* [YOUR TASK] Type every record exactly as it appears.

Start of SUPPLIED RECORDS

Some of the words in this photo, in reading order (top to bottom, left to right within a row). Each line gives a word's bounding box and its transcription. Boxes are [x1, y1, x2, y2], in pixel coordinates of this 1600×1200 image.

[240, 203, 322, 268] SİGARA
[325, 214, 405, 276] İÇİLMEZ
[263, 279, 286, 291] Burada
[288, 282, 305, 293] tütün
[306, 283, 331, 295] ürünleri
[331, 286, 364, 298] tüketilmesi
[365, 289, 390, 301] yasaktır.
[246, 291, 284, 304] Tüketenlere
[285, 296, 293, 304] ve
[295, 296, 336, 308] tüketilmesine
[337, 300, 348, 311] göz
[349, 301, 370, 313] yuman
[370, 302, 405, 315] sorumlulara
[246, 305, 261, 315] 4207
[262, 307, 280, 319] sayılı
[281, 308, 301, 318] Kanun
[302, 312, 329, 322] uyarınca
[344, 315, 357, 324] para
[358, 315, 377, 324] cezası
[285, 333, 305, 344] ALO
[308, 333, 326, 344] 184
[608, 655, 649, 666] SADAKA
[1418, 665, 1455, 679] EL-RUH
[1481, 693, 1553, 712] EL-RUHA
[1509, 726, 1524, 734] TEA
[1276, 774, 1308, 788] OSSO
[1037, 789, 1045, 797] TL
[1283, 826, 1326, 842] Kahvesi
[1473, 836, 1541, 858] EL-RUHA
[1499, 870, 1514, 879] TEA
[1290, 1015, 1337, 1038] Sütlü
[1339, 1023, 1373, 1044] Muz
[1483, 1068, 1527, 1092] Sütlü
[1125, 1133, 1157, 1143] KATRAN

End of SUPPLIED RECORDS

* [YOUR SOLUTION]
Some of the words in this photo, in reading order (top to bottom, left to right within a row). Each line gives a word's bounding box and its transcription. Boxes are [x1, y1, x2, y2], in pixel coordinates of this 1600×1200 image.

[240, 203, 322, 268] SİGARA
[325, 214, 405, 276] İÇİLMEZ
[263, 279, 286, 291] Burada
[288, 282, 305, 293] tütün
[306, 283, 331, 295] ürünleri
[331, 286, 364, 298] tüketilmesi
[365, 289, 390, 301] yasaktır.
[246, 291, 284, 304] Tüketenlere
[285, 296, 293, 304] ve
[295, 296, 336, 308] tüketilmesine
[337, 300, 348, 311] göz
[349, 301, 370, 313] yuman
[370, 302, 405, 315] sorumlulara
[246, 305, 261, 315] 4207
[262, 307, 280, 319] sayılı
[281, 308, 301, 318] Kanun
[302, 312, 329, 322] uyarınca
[344, 315, 357, 324] para
[358, 315, 377, 324] cezası
[285, 333, 305, 344] ALO
[308, 333, 326, 344] 184
[608, 655, 649, 666] SADAKA
[1418, 665, 1455, 679] EL-RUH
[1481, 693, 1553, 712] EL-RUHA
[1509, 726, 1524, 734] TEA
[1276, 774, 1308, 788] OSSO
[1037, 789, 1045, 797] TL
[1283, 826, 1326, 842] Kahvesi
[1473, 836, 1541, 858] EL-RUHA
[1499, 870, 1514, 879] TEA
[1290, 1015, 1337, 1038] Sütlü
[1339, 1023, 1373, 1044] Muz
[1483, 1068, 1527, 1092] Sütlü
[1125, 1133, 1157, 1143] KATRAN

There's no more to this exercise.